> **Exercise requirements**
Each entry that follows should be set down precisely, with its pictures removed.

> **Image-backed grounding data**
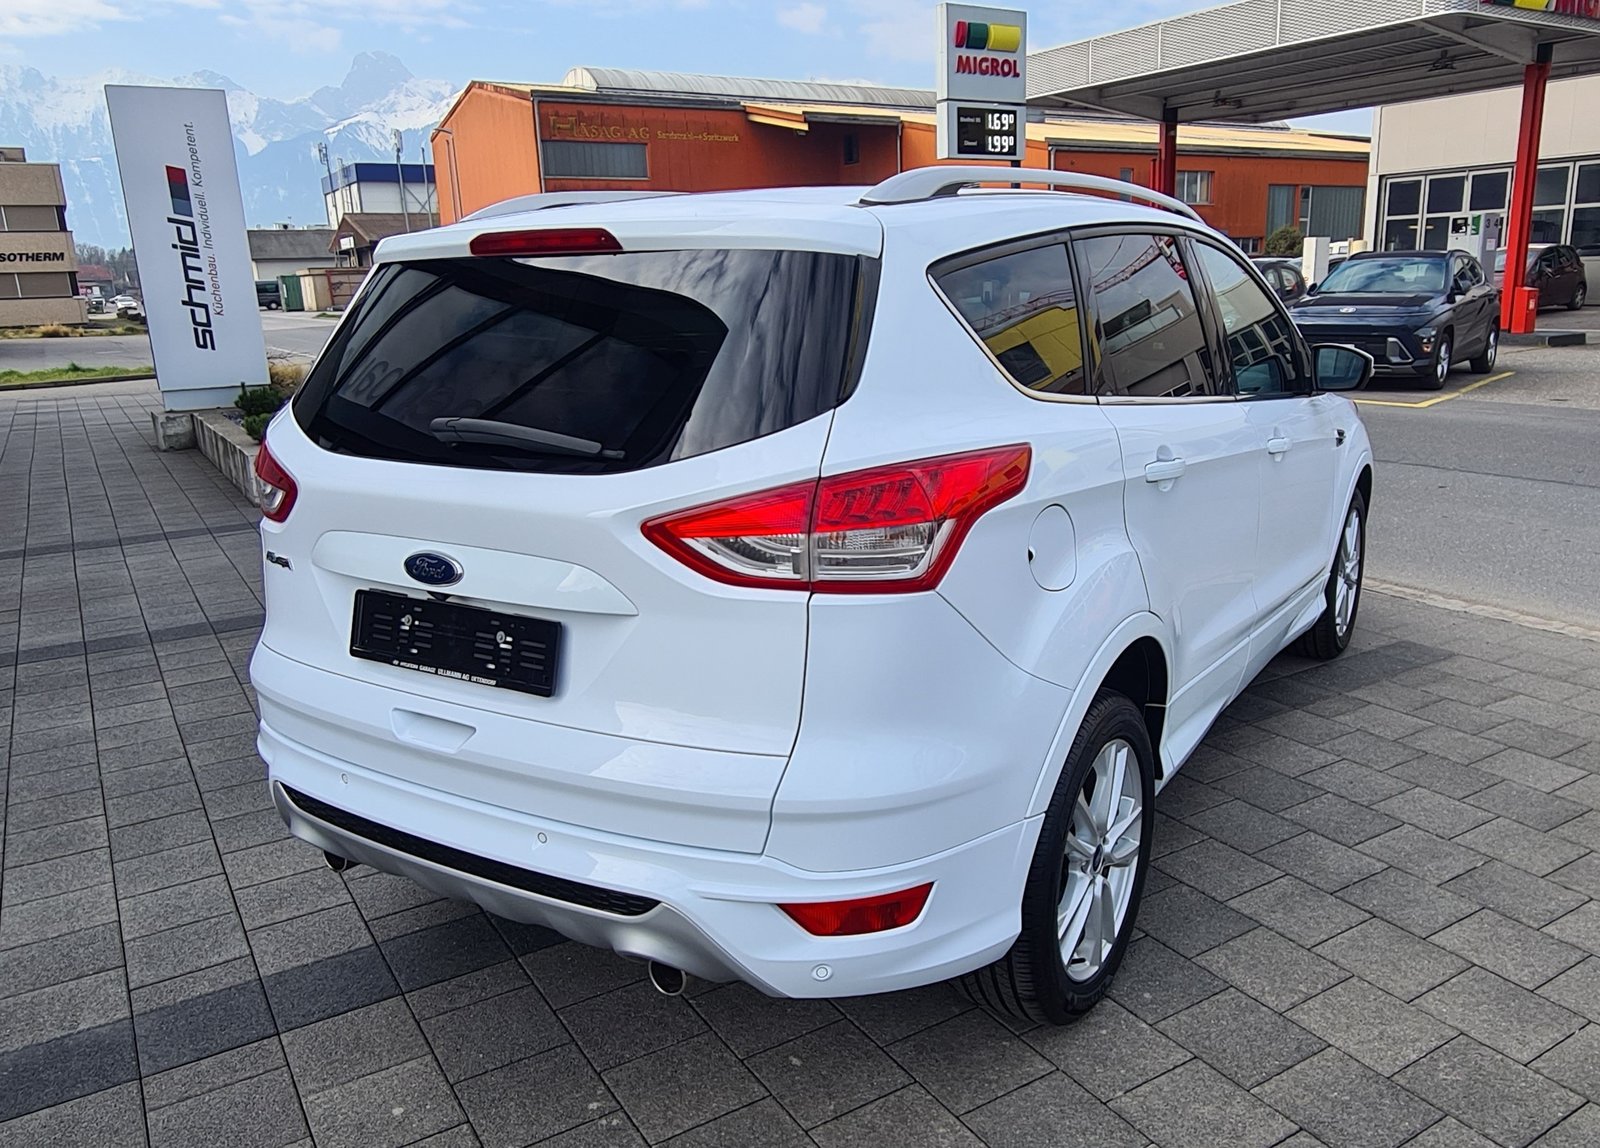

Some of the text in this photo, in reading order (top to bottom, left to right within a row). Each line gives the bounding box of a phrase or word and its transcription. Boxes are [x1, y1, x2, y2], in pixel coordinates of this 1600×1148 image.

[956, 55, 1020, 78] MIGROL
[628, 126, 650, 139] AG
[184, 121, 224, 316] Küchenbau. Individuell. Kompetent.
[1486, 219, 1491, 228] 3
[167, 217, 216, 350] schmid
[413, 557, 445, 578] Ford
[462, 673, 470, 681] AG
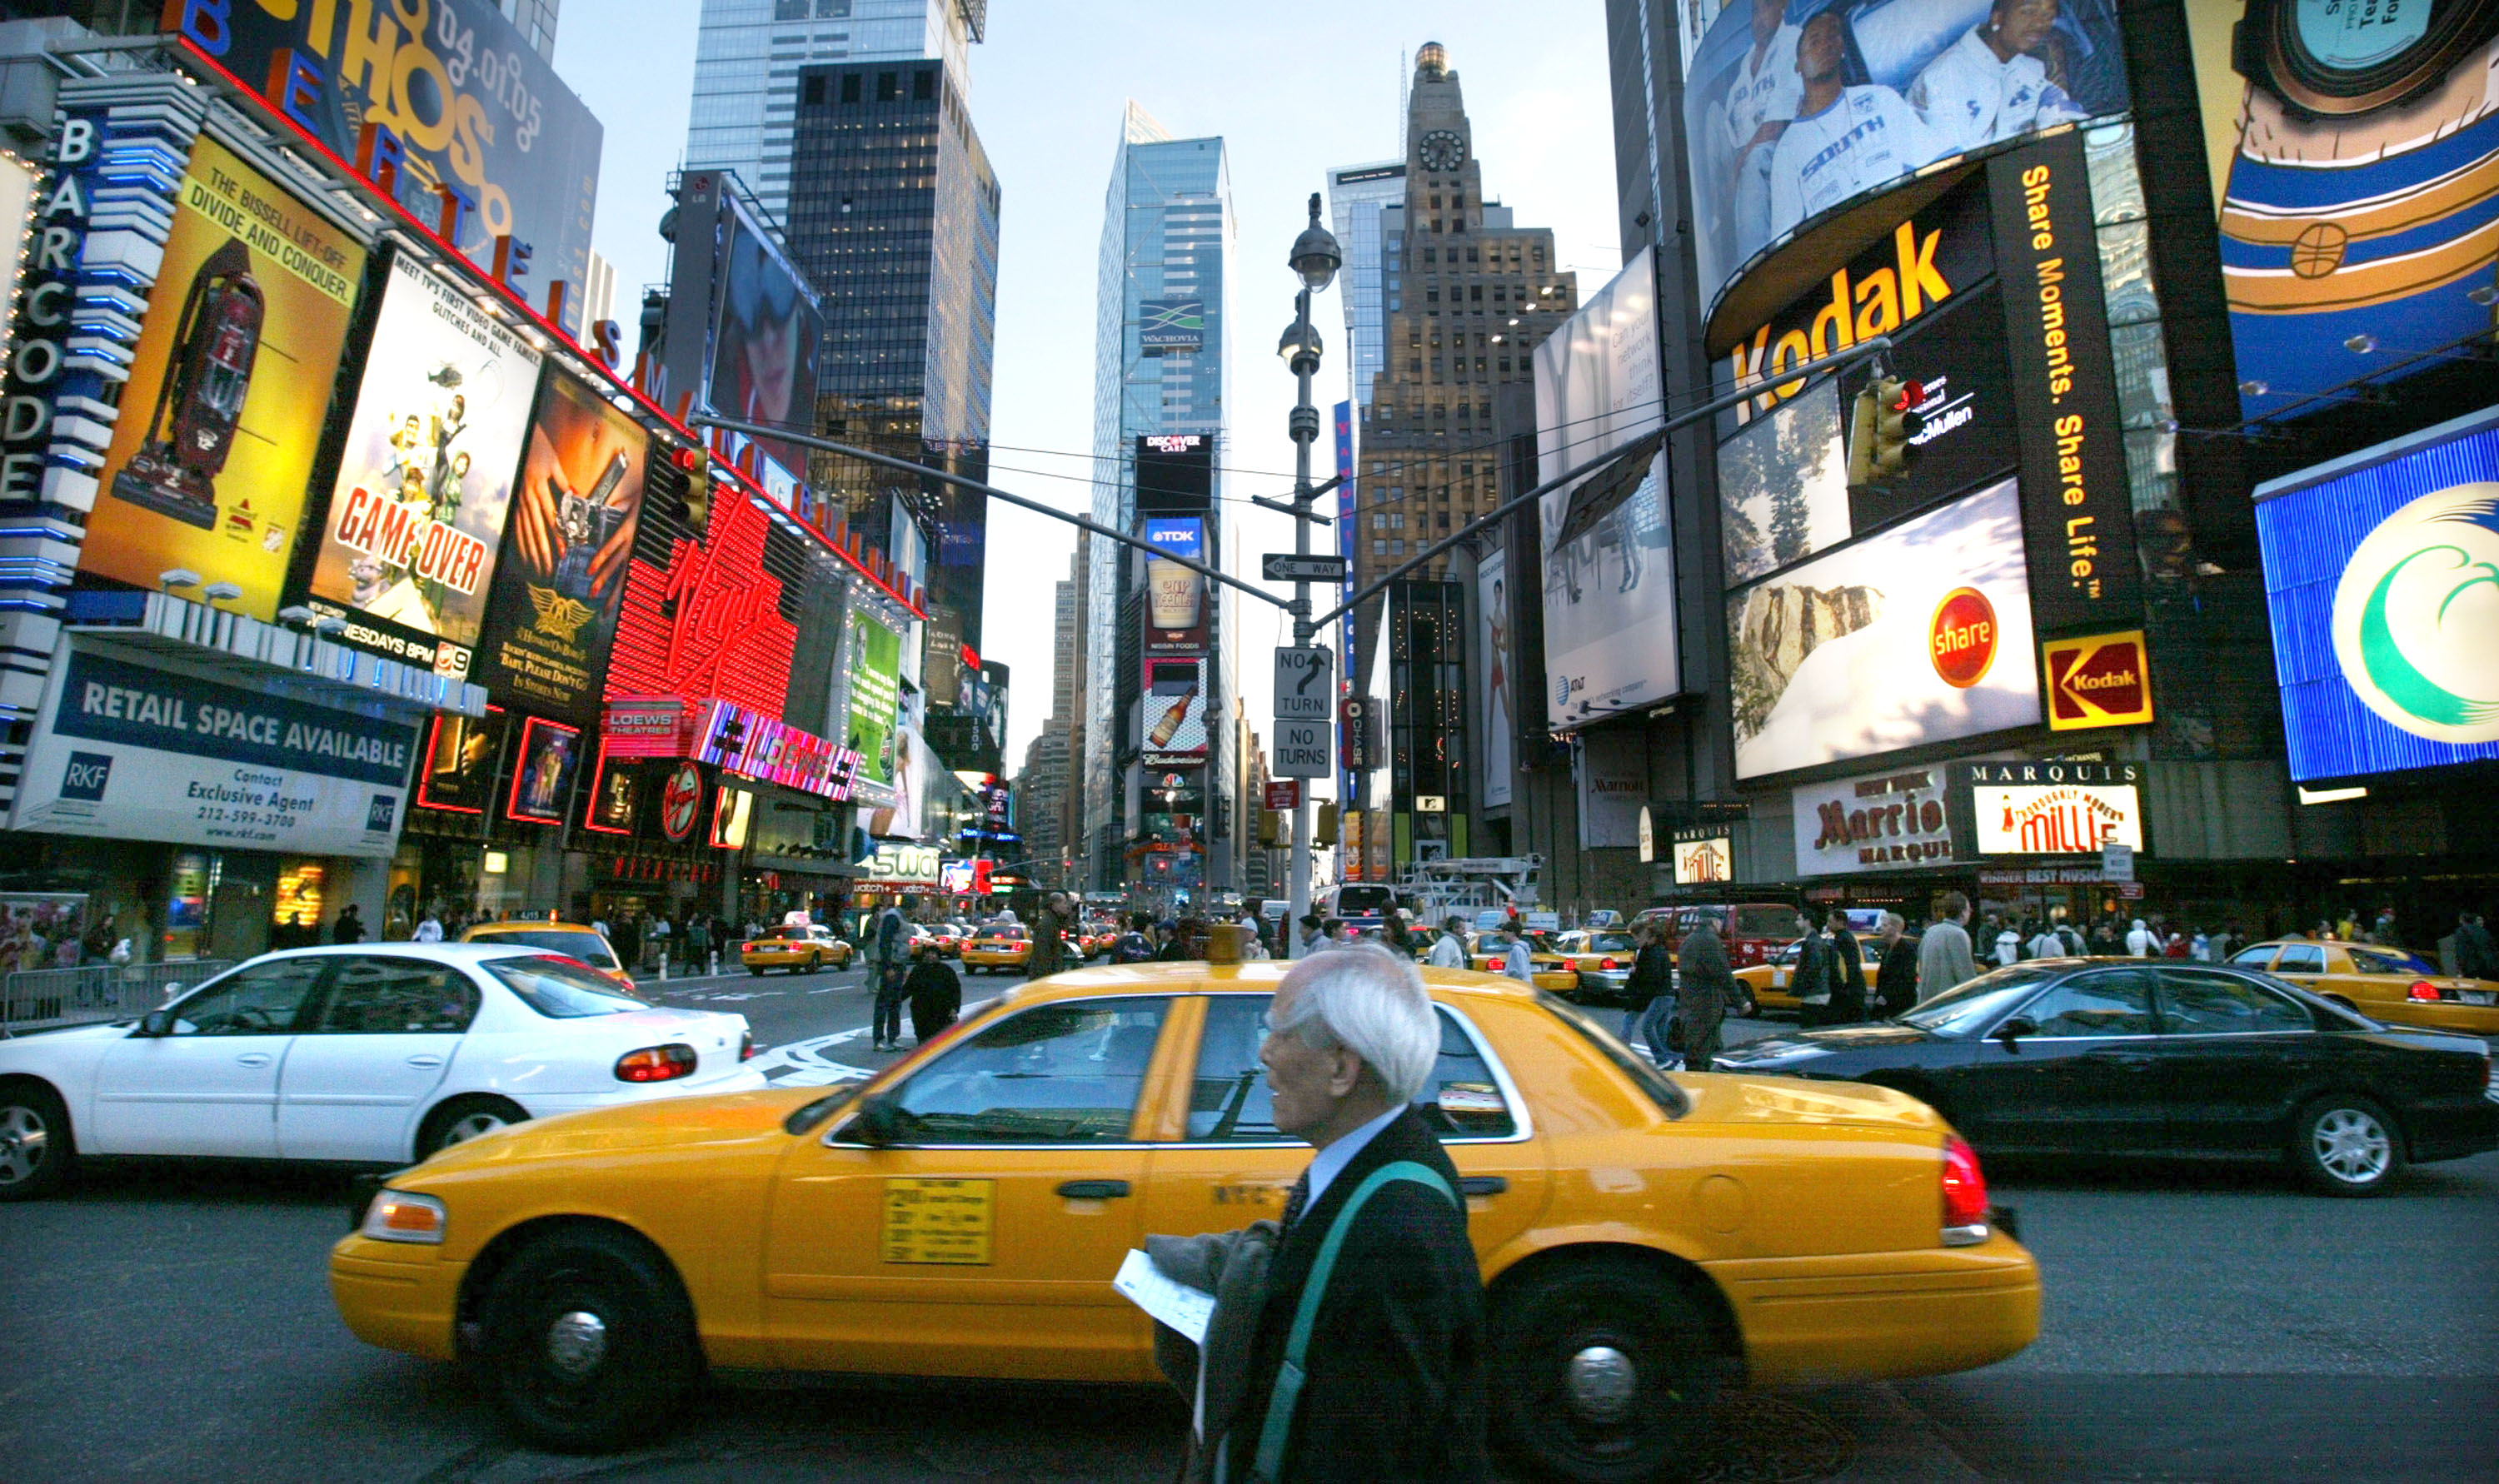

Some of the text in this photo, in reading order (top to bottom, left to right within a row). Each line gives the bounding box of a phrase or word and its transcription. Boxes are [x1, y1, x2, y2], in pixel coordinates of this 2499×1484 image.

[1801, 115, 1885, 182] SOUTH
[211, 167, 348, 270] THE BISSELL LIFT-OFF
[2021, 165, 2053, 251] Share
[191, 183, 348, 301] DIVIDE AND CONQUER.
[2, 119, 92, 500] BARCODE
[394, 256, 541, 367] MEET TV'S FIRST VIDEO GAME FAMILY.
[432, 301, 470, 335] GLITCHES
[471, 330, 487, 347] AND
[1732, 220, 1953, 427] Kodak
[1142, 334, 1200, 343] WACHOVIA
[1613, 310, 1650, 348] Can your
[2036, 257, 2076, 405] Moments.
[1617, 330, 1652, 367] network
[1629, 352, 1654, 381] think
[1626, 372, 1654, 405] itself?
[1146, 435, 1200, 447] DISCOVER
[2054, 414, 2085, 505] Share
[337, 486, 485, 595] GAME OVER
[1162, 530, 1195, 542] TDK
[1273, 563, 1336, 574] ONE WAY
[1935, 620, 1990, 656] share
[406, 642, 436, 664] 8PM
[455, 650, 469, 672] 9
[1280, 653, 1305, 669] NO
[1569, 675, 1586, 693] AT&T
[2073, 670, 2136, 691] Kodak
[609, 714, 672, 725] LOEWS
[1282, 697, 1324, 712] TURN
[82, 681, 405, 769] RETAIL SPACE AVAILABLE
[609, 727, 671, 735] THEATRES
[1289, 729, 1314, 745] NO
[1278, 749, 1327, 765] TURNS
[1352, 718, 1363, 766] CHASE
[1142, 753, 1206, 765] Budweiser
[1971, 765, 2137, 782] MARQUIS
[66, 762, 107, 789] RKF
[233, 769, 283, 788] Contact
[187, 780, 315, 814] Exclusive Agent
[2014, 789, 2125, 823] THOROUGHLY MODERN
[197, 805, 296, 828] 212-599-3700
[2025, 869, 2058, 883] BEST
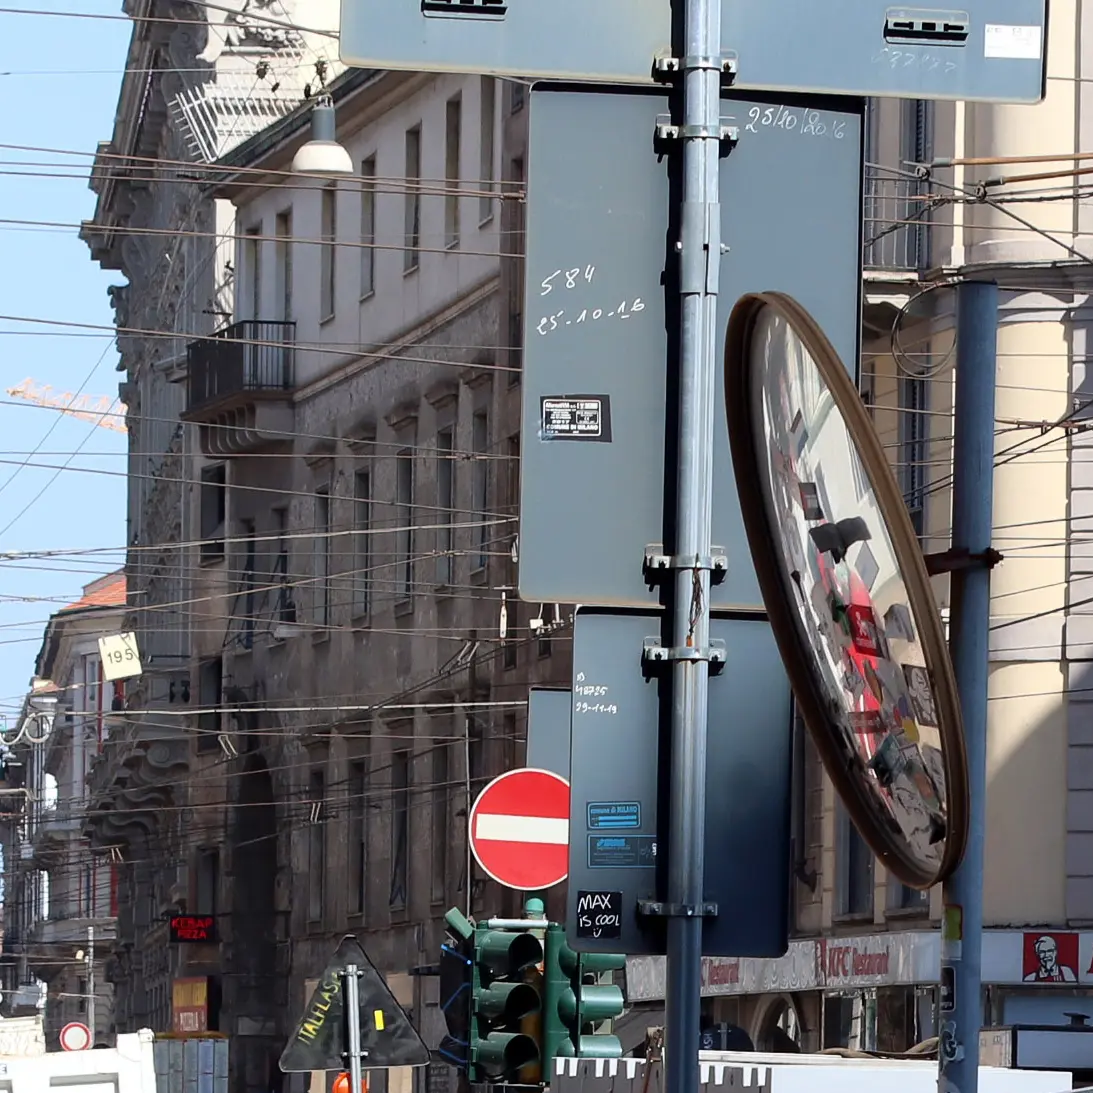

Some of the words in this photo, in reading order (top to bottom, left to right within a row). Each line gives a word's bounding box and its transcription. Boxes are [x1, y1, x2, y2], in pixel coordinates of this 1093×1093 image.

> **Solution for this problem**
Some of the text in this photo, in reading order (top to bottom, left to right within a row). Each line gives the bounding box of a phrase or word and its transcription. Boxes are [x1, y1, x2, y2], in pixel coordinates of this 1600×1148 image.

[956, 55, 1020, 78] MIGROL
[628, 126, 650, 139] AG
[184, 121, 224, 316] Küchenbau. Individuell. Kompetent.
[1486, 219, 1491, 228] 3
[167, 217, 216, 350] schmid
[413, 557, 445, 578] Ford
[462, 673, 470, 681] AG

Some of the text in this photo, in reading order (top to bottom, left to right within a row). Each line gives the bounding box of a phrase or word and its transcription. Boxes are [x1, y1, x2, y2], in pixel coordinates of this 2499×1484 image.

[1801, 115, 1885, 182] SOUTH
[211, 167, 348, 270] THE BISSELL LIFT-OFF
[2021, 165, 2053, 251] Share
[191, 183, 348, 301] DIVIDE AND CONQUER.
[2, 119, 92, 500] BARCODE
[394, 256, 541, 367] MEET TV'S FIRST VIDEO GAME FAMILY.
[432, 301, 470, 335] GLITCHES
[471, 330, 487, 347] AND
[1732, 220, 1953, 427] Kodak
[1142, 334, 1200, 343] WACHOVIA
[1613, 310, 1650, 348] Can your
[2036, 257, 2076, 405] Moments.
[1617, 330, 1652, 367] network
[1629, 352, 1654, 381] think
[1626, 372, 1654, 405] itself?
[1146, 435, 1200, 447] DISCOVER
[2054, 414, 2085, 505] Share
[337, 486, 485, 595] GAME OVER
[1162, 530, 1195, 542] TDK
[1273, 563, 1336, 574] ONE WAY
[1935, 620, 1990, 656] share
[406, 642, 436, 664] 8PM
[455, 650, 469, 672] 9
[1280, 653, 1305, 669] NO
[1569, 675, 1586, 693] AT&T
[2073, 670, 2136, 691] Kodak
[609, 714, 672, 725] LOEWS
[1282, 697, 1324, 712] TURN
[82, 681, 405, 769] RETAIL SPACE AVAILABLE
[609, 727, 671, 735] THEATRES
[1289, 729, 1314, 745] NO
[1278, 749, 1327, 765] TURNS
[1352, 718, 1363, 766] CHASE
[1142, 753, 1206, 765] Budweiser
[1971, 765, 2137, 782] MARQUIS
[66, 762, 107, 789] RKF
[233, 769, 283, 788] Contact
[187, 780, 315, 814] Exclusive Agent
[2014, 789, 2125, 823] THOROUGHLY MODERN
[197, 805, 296, 828] 212-599-3700
[2025, 869, 2058, 883] BEST

Some of the words in this photo, in reading order (top to bottom, left to right within a row). Each line gives a word's bounding box and its transcription. Boxes are [x1, y1, x2, y2], in pixel coordinates of this 1093×1093 image.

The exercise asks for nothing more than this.